The pictures stay out; all of the data is to be printed exactly.

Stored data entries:
BEGIN
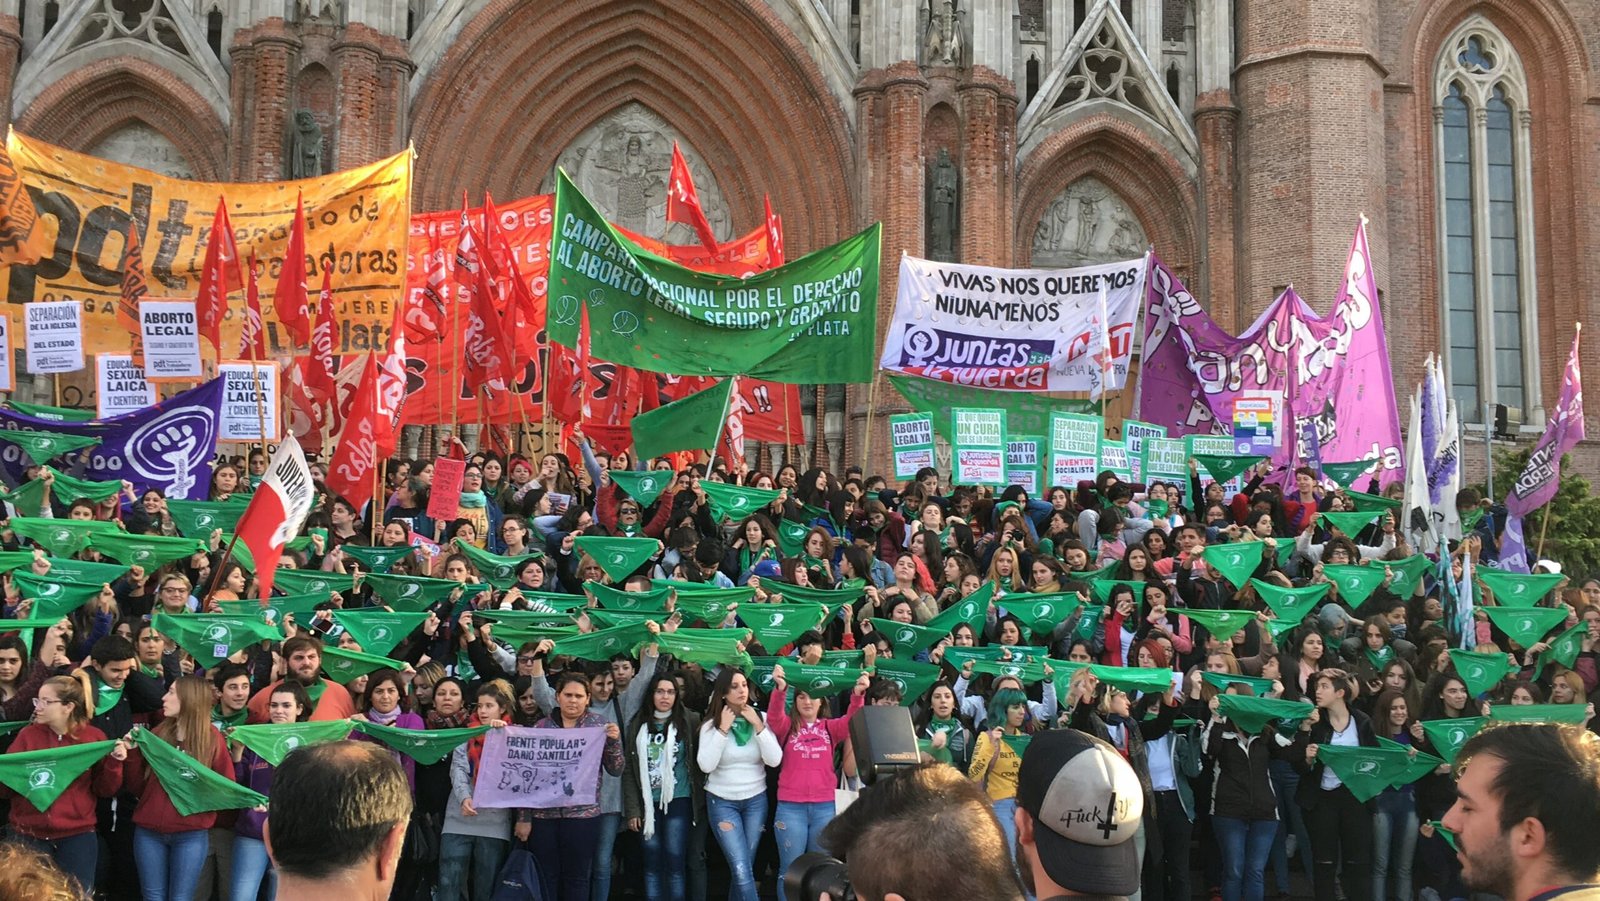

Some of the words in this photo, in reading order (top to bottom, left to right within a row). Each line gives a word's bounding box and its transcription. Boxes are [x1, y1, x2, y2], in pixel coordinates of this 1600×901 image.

[8, 181, 193, 304] pdt
[556, 239, 574, 269] AL
[576, 250, 643, 296] ABORTO
[704, 310, 771, 330] SEGURO
[775, 309, 787, 328] Y
[938, 269, 995, 293] VIVAS
[1000, 277, 1040, 296] NOS
[1044, 267, 1138, 297] QUEREMOS
[726, 288, 760, 309] POR
[767, 287, 786, 308] EL
[793, 267, 863, 304] DERECHO
[30, 303, 76, 322] SEPARACIÓN
[144, 312, 194, 324] ABORTO
[50, 322, 77, 330] IGLESIA
[146, 326, 194, 336] LEGAL
[34, 341, 46, 349] DEL
[48, 340, 75, 348] ESTADO
[153, 360, 166, 369] pdt
[107, 381, 148, 392] LAICA
[108, 396, 113, 406] Y
[114, 395, 149, 406] CIENTÍFICA
[228, 406, 232, 415] Y
[228, 423, 241, 432] pdt
[894, 421, 930, 434] ABORTO
[958, 423, 971, 435] UN
[973, 423, 1000, 435] CURA
[1128, 425, 1162, 438] ABORTO
[895, 435, 919, 446] LEGAL
[921, 433, 931, 443] YA
[1055, 430, 1062, 439] DE
[1063, 431, 1071, 440] LA
[1007, 442, 1036, 453] BORTO
[1054, 440, 1067, 449] DEL
[1068, 441, 1096, 453] ESTADO
[1024, 454, 1036, 463] YA
[1149, 450, 1162, 463] UN
[1055, 459, 1094, 467] JUVENTUD
[1055, 466, 1095, 474] SOCIALISTA
[506, 736, 537, 749] FRENTE
[539, 738, 580, 749] POPULAR
[508, 749, 535, 760] DARIO
[1060, 805, 1105, 828] Fuck
END
* _OUTPUT BELOW_
Some of the words in this photo, in reading order (top to bottom, left to right within a row). Each line gives a word's bounding box and its transcription. Boxes are [x1, y1, x2, y2], in pixel coordinates of this 1600×901 image.

[8, 181, 193, 304] pdt
[556, 239, 574, 269] AL
[576, 250, 643, 296] ABORTO
[704, 310, 771, 330] SEGURO
[775, 309, 787, 328] Y
[938, 269, 995, 293] VIVAS
[1000, 277, 1040, 296] NOS
[1044, 267, 1138, 297] QUEREMOS
[726, 288, 760, 309] POR
[767, 287, 786, 308] EL
[793, 267, 863, 304] DERECHO
[30, 303, 76, 322] SEPARACIÓN
[144, 312, 194, 324] ABORTO
[50, 322, 77, 330] IGLESIA
[146, 326, 194, 336] LEGAL
[34, 341, 46, 349] DEL
[48, 340, 75, 348] ESTADO
[153, 360, 166, 369] pdt
[107, 381, 148, 392] LAICA
[108, 396, 113, 406] Y
[114, 395, 149, 406] CIENTÍFICA
[228, 406, 232, 415] Y
[228, 423, 241, 432] pdt
[894, 421, 930, 434] ABORTO
[958, 423, 971, 435] UN
[973, 423, 1000, 435] CURA
[1128, 425, 1162, 438] ABORTO
[895, 435, 919, 446] LEGAL
[921, 433, 931, 443] YA
[1055, 430, 1062, 439] DE
[1063, 431, 1071, 440] LA
[1007, 442, 1036, 453] BORTO
[1054, 440, 1067, 449] DEL
[1068, 441, 1096, 453] ESTADO
[1024, 454, 1036, 463] YA
[1149, 450, 1162, 463] UN
[1055, 459, 1094, 467] JUVENTUD
[1055, 466, 1095, 474] SOCIALISTA
[506, 736, 537, 749] FRENTE
[539, 738, 580, 749] POPULAR
[508, 749, 535, 760] DARIO
[1060, 805, 1105, 828] Fuck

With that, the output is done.